化妝師用專業的卸妝工具將席喻臉上的假傷擦掉,預備拆頭套的時候,經紀人梁山急匆匆走進來。
“吳製片剛剛打電話來,《權弈》的劇本後麵部分可能要大改,他們和幾個編劇剛剛開完會,意見不是很統一。吳製片想問問你的意見。”
《權弈》就是席喻投資的下一部電影,目前還在磨劇本。
正在卸妝的男人從鏡子裡看進來停在自己身邊的梁山,思考了一下,開口問:“這次又是哪方麵的意見不統一?”
梁山:“女主角和女配戲份的占比。
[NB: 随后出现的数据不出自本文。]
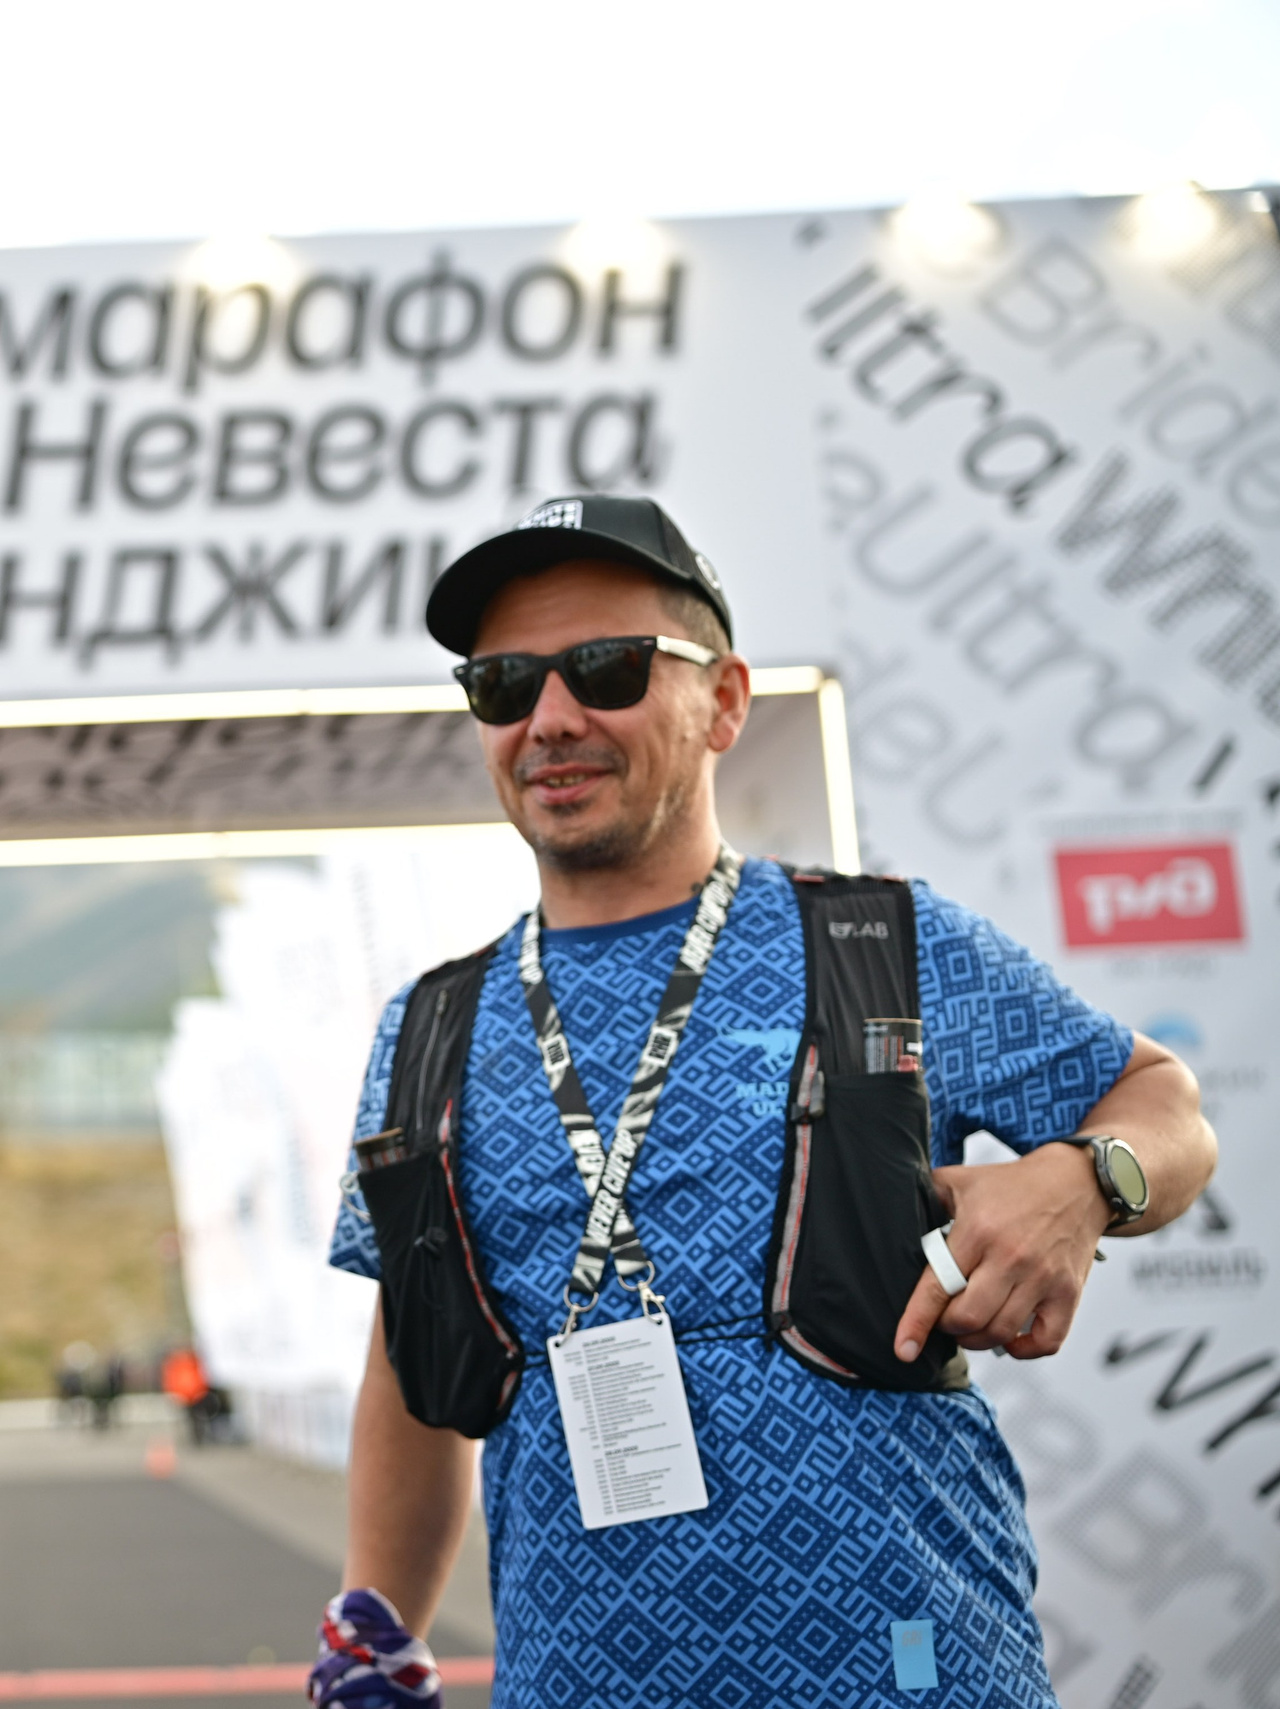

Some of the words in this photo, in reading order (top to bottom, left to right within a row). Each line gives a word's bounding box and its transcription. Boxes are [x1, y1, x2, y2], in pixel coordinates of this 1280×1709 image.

[1, 390, 664, 518] Невеста
[611, 1128, 638, 1159] UP
[601, 1150, 631, 1195] GIVE
[585, 1188, 621, 1243] NEVER
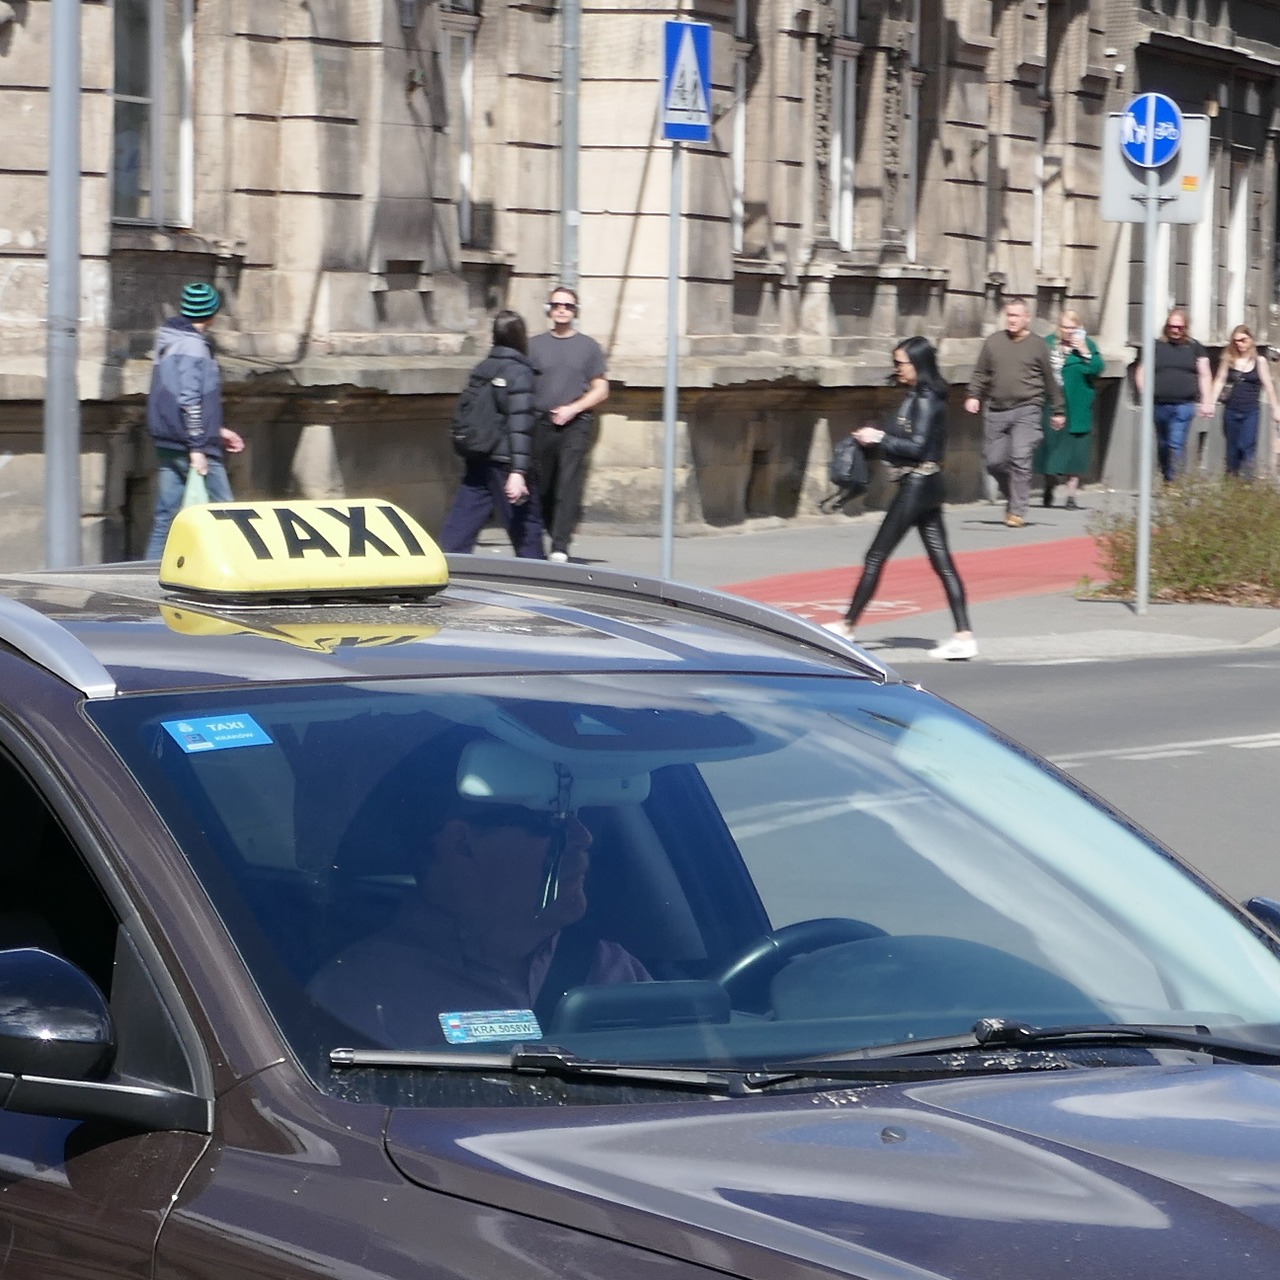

楊倩編劇希望保持原作設定,不給女配加戲,但是導演覺得女配的設定更加出彩,希望將女配轉正,或者雙女主。”
席喻靜靜聽著,隻淺淡地問:“你覺得呢。”
梁山瞧了眼還在場的化妝師,話說的比較隱晦:“我聽說,原來敲定的女配演員,最近和導演私下吃過幾次飯。”
席喻輕輕笑了,笑容裡有點點涼意。
而後他說:“換人。”
梁山尋摸一下,問:“換女配的演員?”
席喻沒有多做考慮:“演員和導演,全換。”
他的電影,他的作品,就像他這個人一樣,眼裡摻不得一粒沙子。
梁山跟了席喻很多年,懂他的意思。
問過意見之後,就出去跟吳製片溝通。
席喻這邊忙完,已是傍晚時分。
他卸下戲中的裝扮,一身低調的黑,坐進自己的保姆車,閉眼休息。
梁山有彆的事要忙,沒跟著,小安坐在席喻邊上,打開保溫杯的杯蓋,將保溫杯遞給席喻。
“席老師,喝水。”
席喻睜眼,伸手接過保溫杯,視線卻落在自己的手指上。
咬痕早就不見了。
可很奇怪,每每見到,就像是有什麼東西勾著他的心,勾得他心癢。
也讓他不自覺地想起阮初初。
現在這個點,她會在做些什麼?
這麼想著,席喻就有點兒失笑。
見鬼了,竟然會想這種事。
保姆車緩緩離開秦王宮,在經過與之毗鄰的明清宮時,席喻的視線輕輕掃過明清宮前停著的一輛輛車,目光卻倏地定住。
一輛大巴前,年齡相差不大的女生挨個下車,她們身上都已經穿好清朝宮女的戲服。
粉白色的旗裝,少許珠花點綴的旗頭,個個嬌盼生豔。
而走在人群最後的那個女孩,一張小臉白皙精致,這一身裝扮更像是為她量身定做,襯出幾分獨有的清靈。
——阮初初。
席喻盯著那個小小的身影,眼神輕閃,眸子隱下幽深沉意。